(Posted Sept. 17, 2017)
By Kristy Zurbrick, Madison Editor
Some London city council members have expressed interest in revisiting the idea of instituting a storm water utility.
The utility would generate money for storm sewer upgrades and maintenance through fees charged to residents and business owners. Several years ago, city leaders created a framework for such a utility, but council did not approve it.
Issues arising from major flooding earlier this summer have brought the idea back to the forefront.
“This isn’t a money grab,” said Mayor Patrick Closser at the Sept. 7 city council meeting. “We just want to set ourselves up for success and to make sure we are taking care of our aging infrastructure which has been neglected a little bit.”
Council member Rex Castle said that he and other council members are interested in looking at what was proposed in the past. Closser suggested they schedule a work session. He said they “don’t need to reinvent the wheel,” but rather tweak it, especially where it concerns the utility’s impact on large businesses.
Closser noted that the city has a line in its budget for storm sewer expenses, and that council puts a small amount of money into it each year. However, the city does not have legislation in place for the format of a storm water utility and how the fees would be collected.
The storm water utility discussion followed Closser’s update on the city’s post-flood assessment and repair work.
He said the city is working with Madison Health to get an easement to clear out the creek on Jacqueline Drive.
The street department has cleaned out the catch basins on Graham Avenue. They also water jetted Graham to Stewart Avenue, Stewart to Riley, and Riley to Lincoln. In the process, they found some blockage. Cameras will be sent through the tile to pinpoint the problem. The city has secured a quote to fix the section from catch basin to catch basin.
In the Elm and High streets area, a 50 percent blockage was found and cleared. Evaluations of tile on Center Street/State Route 665 also are taking place.
Closser thanked Bill Long, the new street superintendent, and his staff for their work.
In other reports, Closser said the Madison County Mayors Committee met Sept. 6. Whitaker Wright, a grant writer and administrator, talked about Community Development Block Grants and other funding available to communities.
“When I started this group, I didn’t know how well received it would be, or if we would all be able to work together,” Closser said. “I can report that this group is one of the best things we have done. We have strengthened our partnerships and seem to be on the same page of the needs of the county and how to maximize funding and grant dollars.”
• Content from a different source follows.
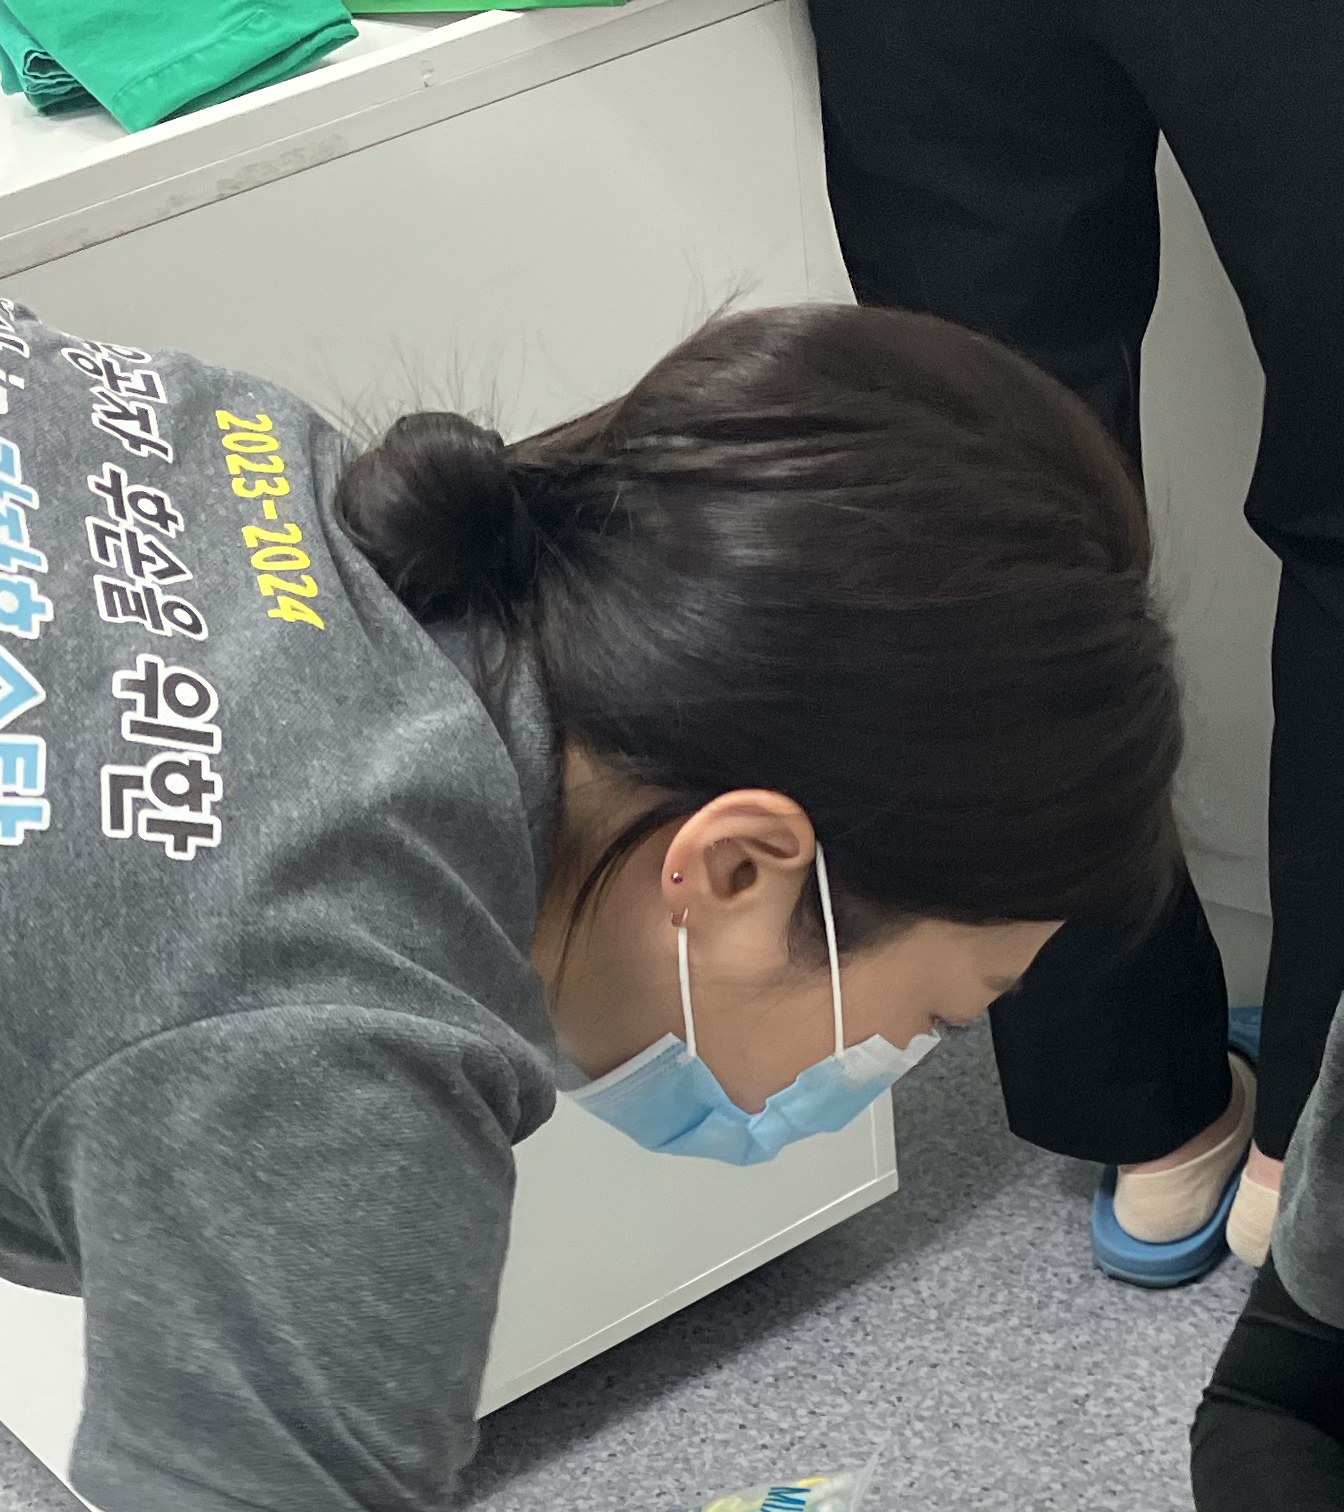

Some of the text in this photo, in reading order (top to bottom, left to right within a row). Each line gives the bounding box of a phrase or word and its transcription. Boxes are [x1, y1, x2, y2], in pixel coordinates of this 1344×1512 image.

Closser also proclaimed September as National Recovery Month in London. The London Recovery Project is hosting several events, including “Beyond the Label,” an educational presentation about mental illness and addiction. The event is set for 6 to 8 p.m. Sept. 21 at First United Methodist Church, 52 N. Main St., London. The program is free and open to adults ages 18 and older.
The non-profit organization also will hold a candlelight vigil from 7 to 8 p.m. Sept. 30. The vigil starts at the London Recovery Project drop-in center at 40 S. Walnut St. and proceeds on foot to the Madison County Courthouse via police escort. Participants are welcome to bring signs and banners in honor of loved ones impacted by substance abuse disorders.